Back to School
Kaiser offers nurses a chance to study for BSN and stay in the workforce
untraditional student
Illustration by Malcolm Garris/PhotoDisc

by Kerry Smith
July 20, 1998

Nobody knows how difficult it is to juggle college and a full-time job better than Shirley Dostal, RN. She spent the last 2 1/2 years in a baccalaureate program developed by Holy Names College in Oakland, California, and Kaiser Permanente, her employer, that allowed her to balance classes with the demands of her job as an ob/gyn service manager.

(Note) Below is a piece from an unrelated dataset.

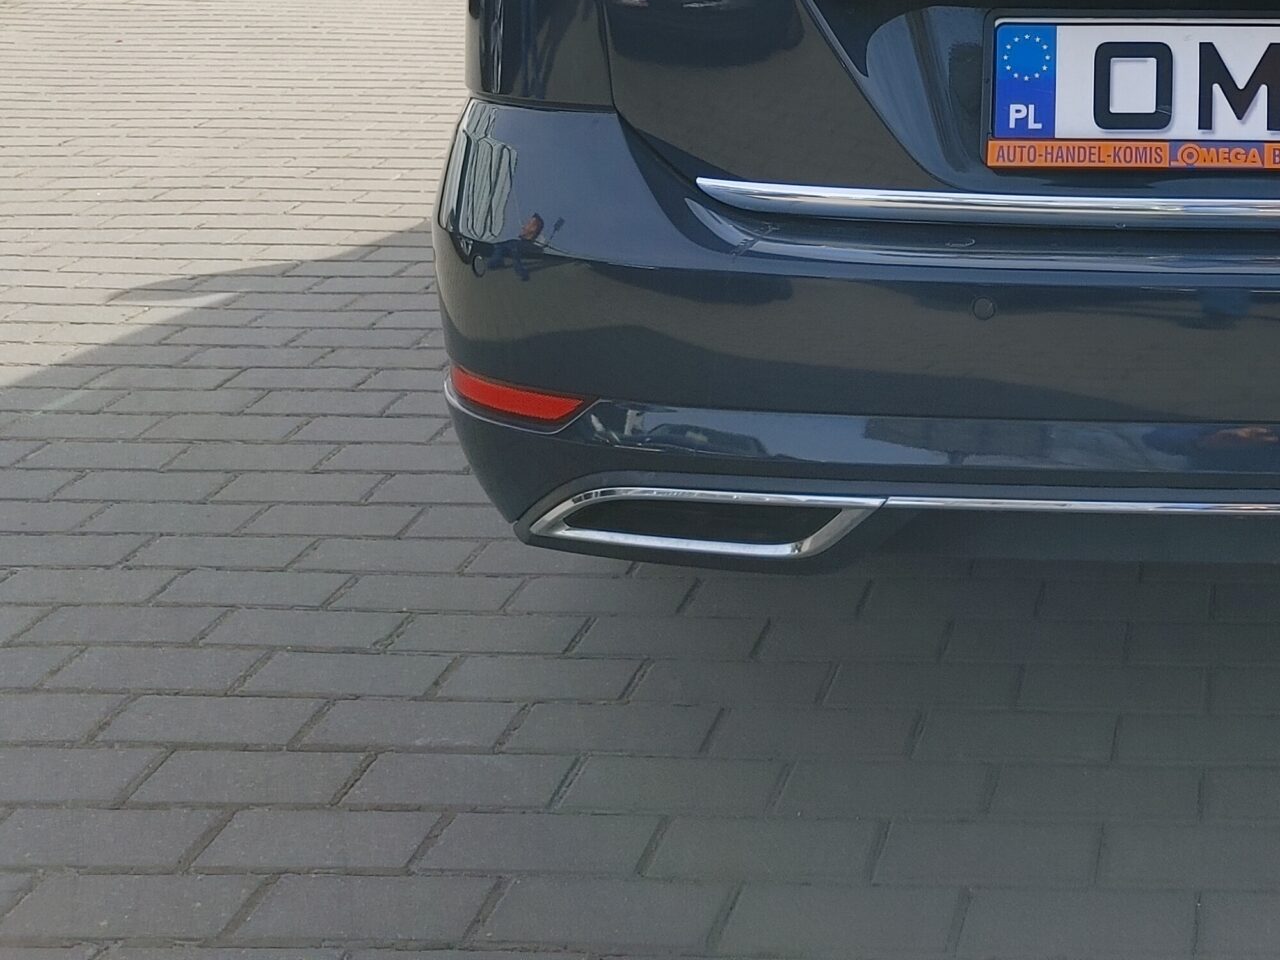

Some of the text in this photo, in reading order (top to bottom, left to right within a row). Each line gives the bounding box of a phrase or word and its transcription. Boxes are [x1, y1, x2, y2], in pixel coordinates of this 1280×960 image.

[1009, 104, 1042, 129] PL
[996, 144, 1163, 165] AUTO-HANDEL-KOMIS
[1177, 143, 1265, 167] OMEGA

This spring, 100 registered nurses, including Dostal, became the first to receive their bachelor's degrees through the program.

How it works

Students enrolled in the Holy Names College nursing program must already be registered nurses and have associate degrees. They spend two nights a week in class, taking two classes a semester, for 2 1/2 years. The program is aimed at adult learners, and the average age is 44, said Arlene Sargent, EdD, MSN, RN, chair of Holy Names College's nursing program. Two-way audio and video technology allows instructors in one location to reach classrooms at seven sites statewide. The sites change depending on the location of the nurses enrolled in the program, Sargent said.

Dostal believes that the combination of Kaiser's business and technological expertise and Holy Names College's generous degree of flexibility was what made it possible for her to earn her BSN. "Kaiser and Holy Names literally brought the program to our worksite and even worked with me one-on-one for an entire semester to enable me to graduate. I can't speak highly enough of this program and of its commitment to support nurses professionally."

Nurses' changing roles

The curriculum gives registered nurses the depth of theory and managerial education they need to fulfill their widening roles in the late 1990s and beyond, said Linda Jensen, MSN, RN, Kaiser Permanente's director of utilization management and former director of distance learning. Kaiser realized that lots of its nurses had associate degrees or diplomas and offered the program as a way to contribute to their professional growth, Jensen said. "As the healthcare environment has changed and practice has expanded well beyond the walls of the hospital, we felt the need to prepare our nurses to move into both independent practice and interdependent practice, where the nurse works a great deal more with the physician."

Teaching crucial skills

Jensen and Sargent say the BSN program offers nurses what associate degree curricula cannot-an in-depth study of theory, management skills, nursing research, community health, and epidemiology. Jensen said the BSN curriculum teaches nurses how to be critical thinkers and how to coordinate care. "In California, approximately 70 percent of nurses are educated at the associate degree level," Sargent said, "and yet studies consistently document that the skills of the baccalaureate nurse are what's necessary in the work force today. As nurses supervise more and more unlicensed personnel in home health settings and elsewhere, the skills the BSN program teaches will continue to be crucial."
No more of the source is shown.